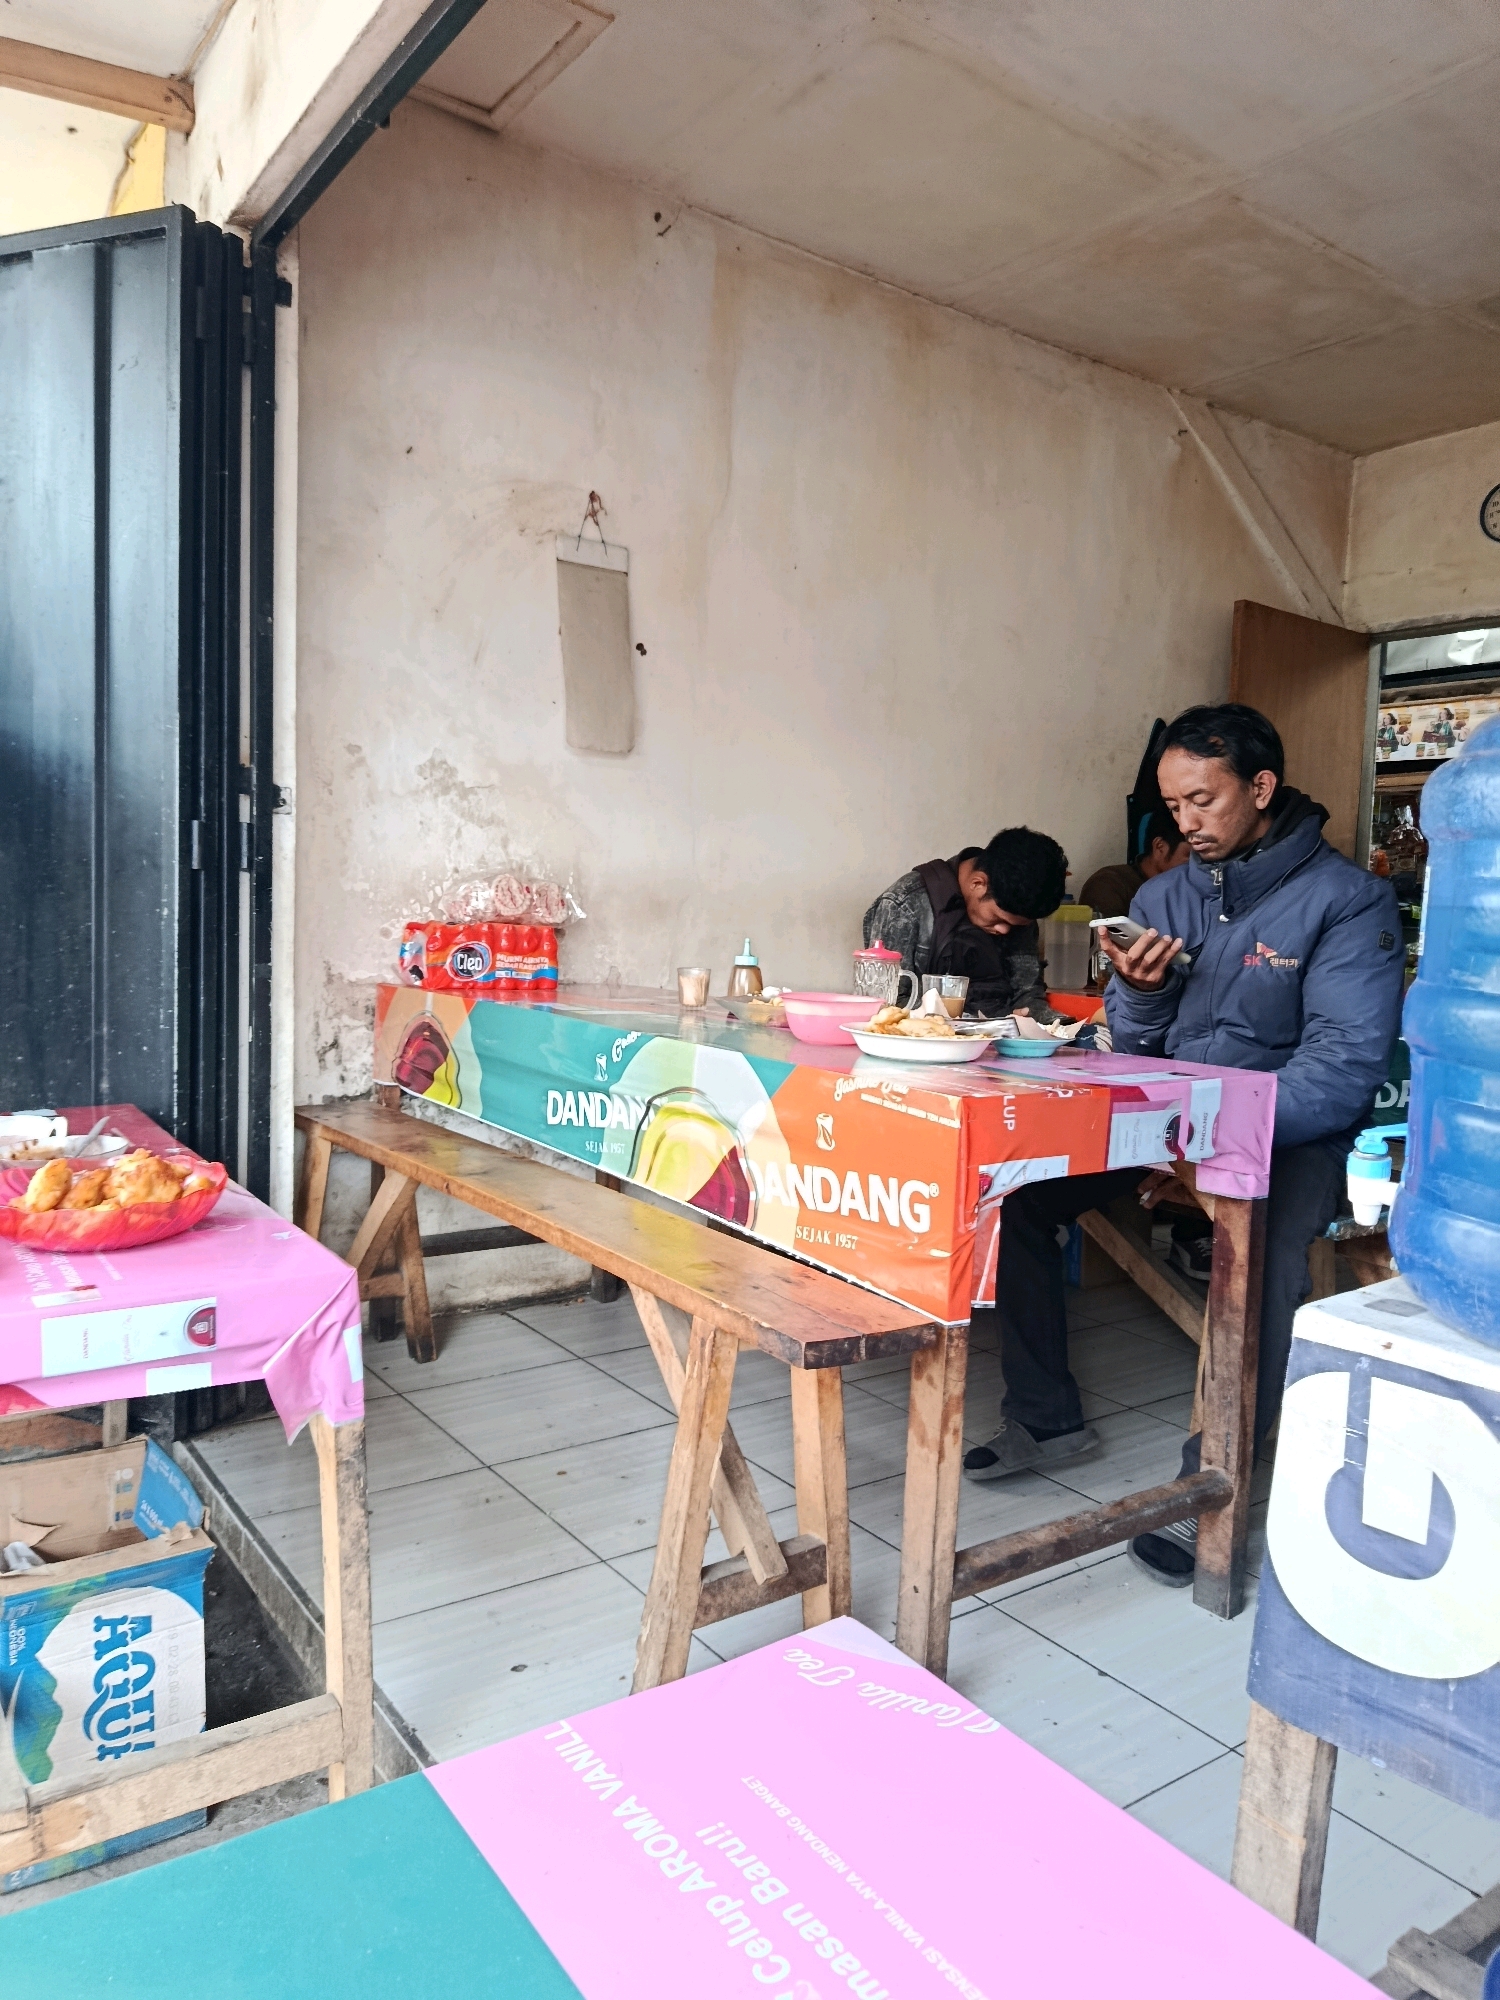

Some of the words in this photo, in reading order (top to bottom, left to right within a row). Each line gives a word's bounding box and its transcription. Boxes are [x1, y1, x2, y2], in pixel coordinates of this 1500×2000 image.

[457, 954, 482, 971] Cleo
[1244, 955, 1262, 966] SK
[547, 1090, 662, 1131] DANDAN
[585, 1140, 608, 1154] SEJAK
[610, 1142, 626, 1155] 1957
[1200, 1113, 1209, 1151] DANDANG
[795, 1225, 831, 1245] SEJAK
[834, 1231, 860, 1250] 1957
[783, 1648, 856, 1687] Tea
[857, 1681, 1001, 1734] Vanilla
[740, 1775, 792, 1818] BANGET
[612, 1795, 717, 1893] AROMA
[786, 1816, 850, 1884] NENDANG
[845, 1871, 926, 1950] VANILA-NYA
[706, 1894, 791, 1985] Celup
[922, 1946, 989, 2000] ENSASI
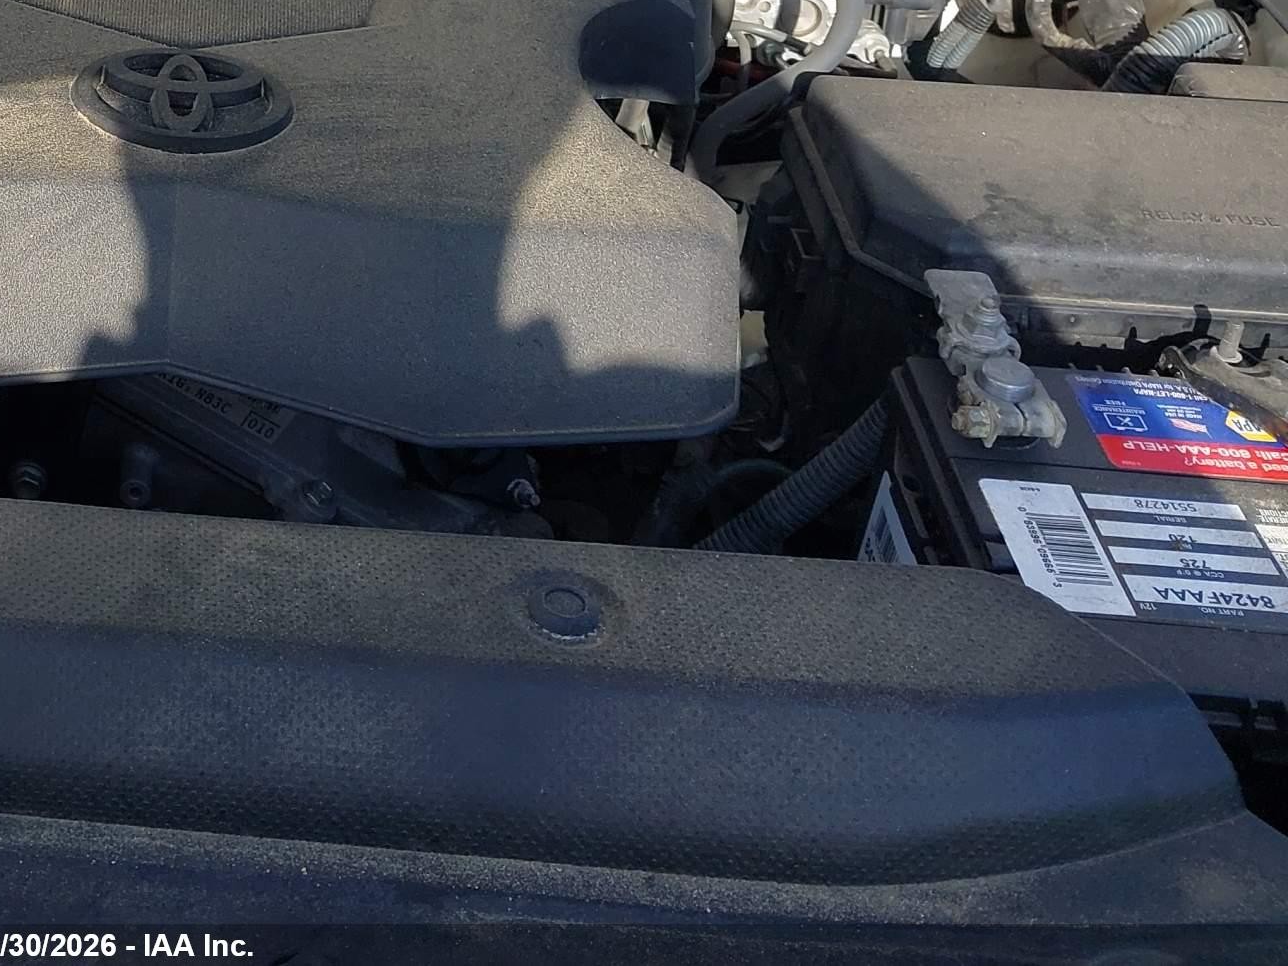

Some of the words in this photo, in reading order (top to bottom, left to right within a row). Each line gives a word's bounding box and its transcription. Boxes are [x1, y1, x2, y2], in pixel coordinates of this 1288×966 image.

[1141, 208, 1204, 224] RELAY
[1224, 214, 1281, 227] FUSE
[1141, 381, 1163, 390] NAPA
[247, 416, 276, 440] 010
[1123, 440, 1252, 459] 800-AAA-HELP
[1184, 455, 1246, 471] battery?
[1246, 461, 1258, 470] a
[1134, 499, 1197, 513] 5514278
[1153, 515, 1187, 523] SERIAL
[1180, 558, 1208, 569] 725
[1203, 571, 1225, 579] CCA
[1139, 602, 1157, 611] 12V
[1216, 608, 1245, 617] PART
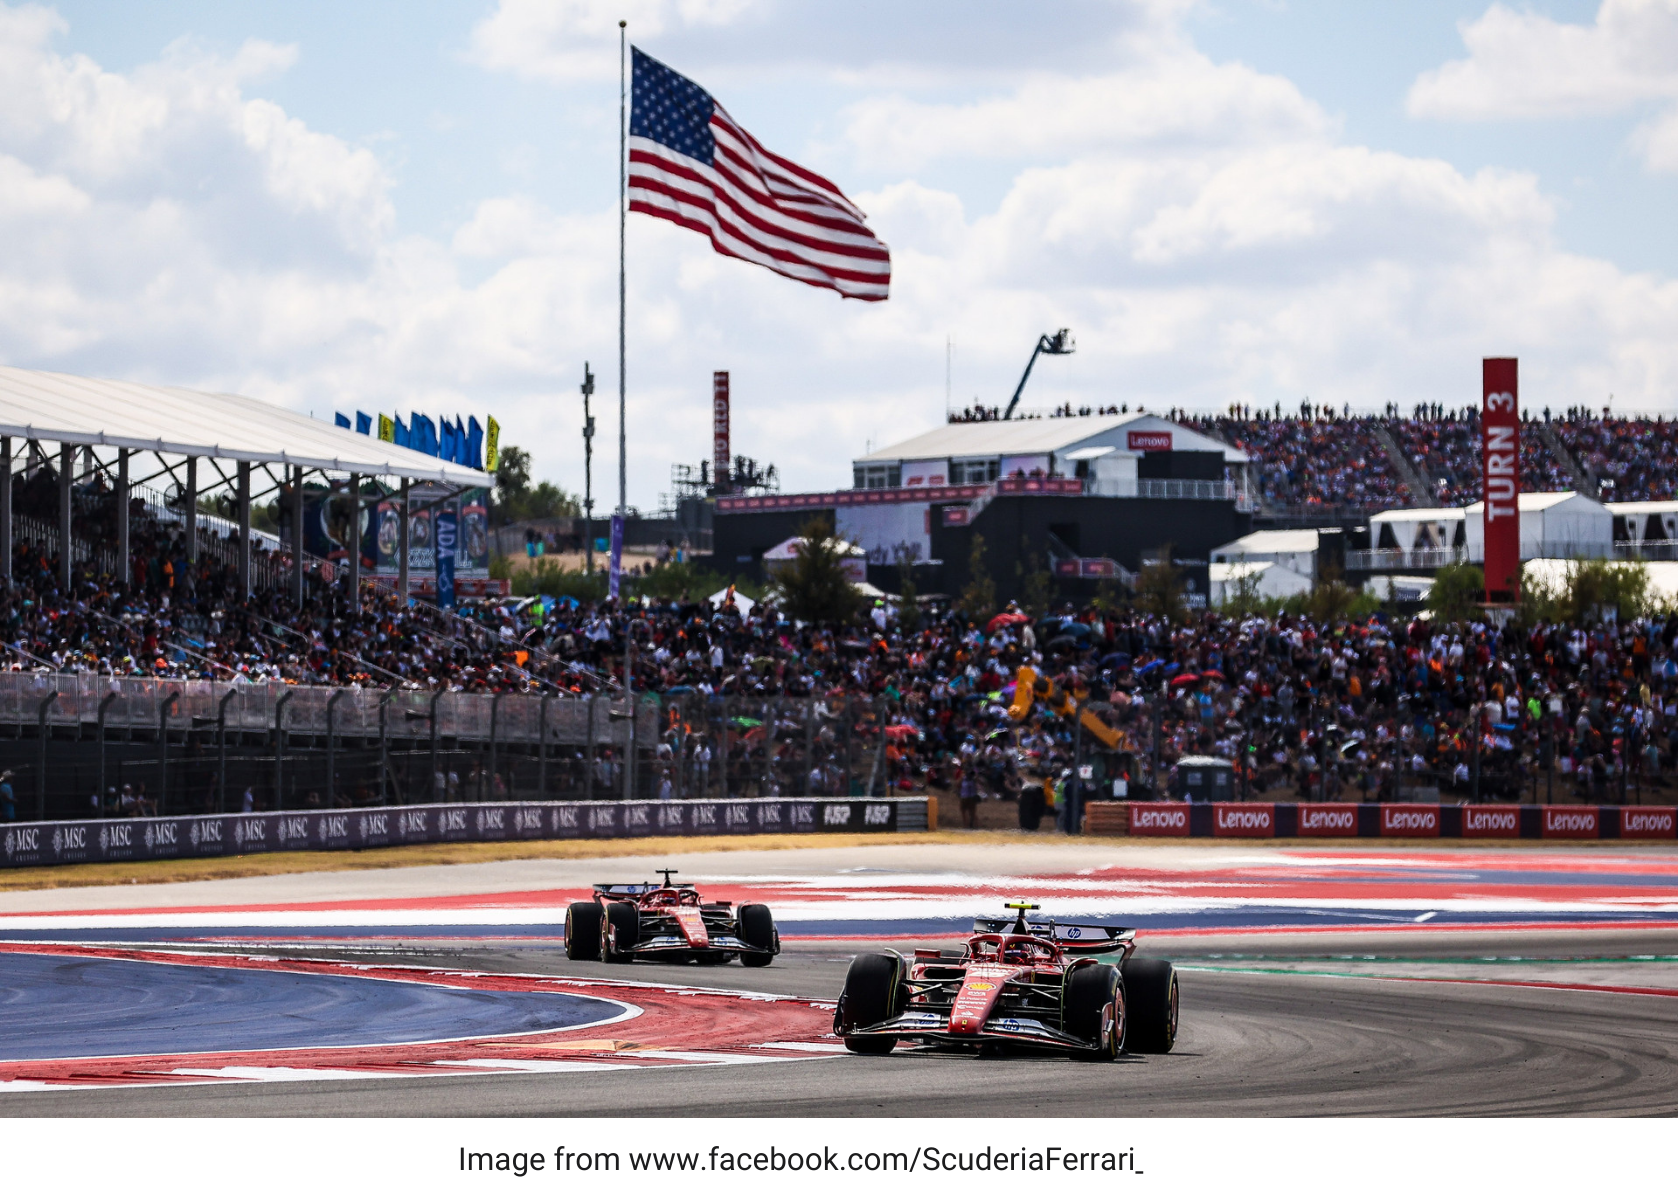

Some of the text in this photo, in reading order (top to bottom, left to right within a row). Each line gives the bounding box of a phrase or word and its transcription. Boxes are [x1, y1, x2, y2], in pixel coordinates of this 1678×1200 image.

[1131, 434, 1170, 447] Lenovo
[1487, 391, 1516, 523] TURN 3
[436, 519, 456, 560] ADA
[287, 817, 308, 838] MSC
[328, 815, 348, 837] MSC
[368, 813, 388, 835] MSC
[408, 811, 427, 832] MSC
[447, 810, 467, 830] MSC
[485, 809, 504, 829] MSC
[1132, 808, 1186, 828] Lenovo
[1218, 808, 1270, 828] Lenovo
[1302, 809, 1354, 829] Lenovo
[1385, 809, 1436, 829] Lenovo
[1467, 810, 1516, 830] Lenovo
[1547, 811, 1596, 831] Lenovo
[1625, 811, 1673, 831] Lenovo
[16, 828, 39, 851] MSC
[64, 827, 86, 849] MSC
[110, 825, 132, 846] MSC
[155, 822, 178, 845] MSC
[201, 820, 222, 842] MSC
[245, 819, 266, 840] MSC
[1068, 927, 1081, 939] hp

# Problem requirements
Reproduce the listing verbatim, and keep the pictures out of the copy.

# Result of this exercise
Some of the words in this photo, in reading order (top to bottom, left to right within a row). Each line gives a word's bounding box and its transcription. Boxes are [x1, y1, x2, y2], in pixel coordinates of this 1500×2000 image.

[457, 954, 482, 971] Cleo
[1244, 955, 1262, 966] SK
[547, 1090, 662, 1131] DANDAN
[585, 1140, 608, 1154] SEJAK
[610, 1142, 626, 1155] 1957
[1200, 1113, 1209, 1151] DANDANG
[795, 1225, 831, 1245] SEJAK
[834, 1231, 860, 1250] 1957
[783, 1648, 856, 1687] Tea
[857, 1681, 1001, 1734] Vanilla
[740, 1775, 792, 1818] BANGET
[612, 1795, 717, 1893] AROMA
[786, 1816, 850, 1884] NENDANG
[845, 1871, 926, 1950] VANILA-NYA
[706, 1894, 791, 1985] Celup
[922, 1946, 989, 2000] ENSASI

Some of the words in this photo, in reading order (top to bottom, left to right within a row). Each line gives a word's bounding box and its transcription. Boxes are [x1, y1, x2, y2], in pixel coordinates of this 1288×966 image.

[1141, 208, 1204, 224] RELAY
[1224, 214, 1281, 227] FUSE
[1141, 381, 1163, 390] NAPA
[247, 416, 276, 440] 010
[1123, 440, 1252, 459] 800-AAA-HELP
[1184, 455, 1246, 471] battery?
[1246, 461, 1258, 470] a
[1134, 499, 1197, 513] 5514278
[1153, 515, 1187, 523] SERIAL
[1180, 558, 1208, 569] 725
[1203, 571, 1225, 579] CCA
[1139, 602, 1157, 611] 12V
[1216, 608, 1245, 617] PART

Some of the text in this photo, in reading order (top to bottom, left to right within a row). Each line gives the bounding box of a phrase or word and its transcription. Boxes are [x1, y1, x2, y2], in pixel coordinates of this 1678×1200 image.

[1131, 434, 1170, 447] Lenovo
[1487, 391, 1516, 523] TURN 3
[436, 519, 456, 560] ADA
[287, 817, 308, 838] MSC
[328, 815, 348, 837] MSC
[368, 813, 388, 835] MSC
[408, 811, 427, 832] MSC
[447, 810, 467, 830] MSC
[485, 809, 504, 829] MSC
[1132, 808, 1186, 828] Lenovo
[1218, 808, 1270, 828] Lenovo
[1302, 809, 1354, 829] Lenovo
[1385, 809, 1436, 829] Lenovo
[1467, 810, 1516, 830] Lenovo
[1547, 811, 1596, 831] Lenovo
[1625, 811, 1673, 831] Lenovo
[16, 828, 39, 851] MSC
[64, 827, 86, 849] MSC
[110, 825, 132, 846] MSC
[155, 822, 178, 845] MSC
[201, 820, 222, 842] MSC
[245, 819, 266, 840] MSC
[1068, 927, 1081, 939] hp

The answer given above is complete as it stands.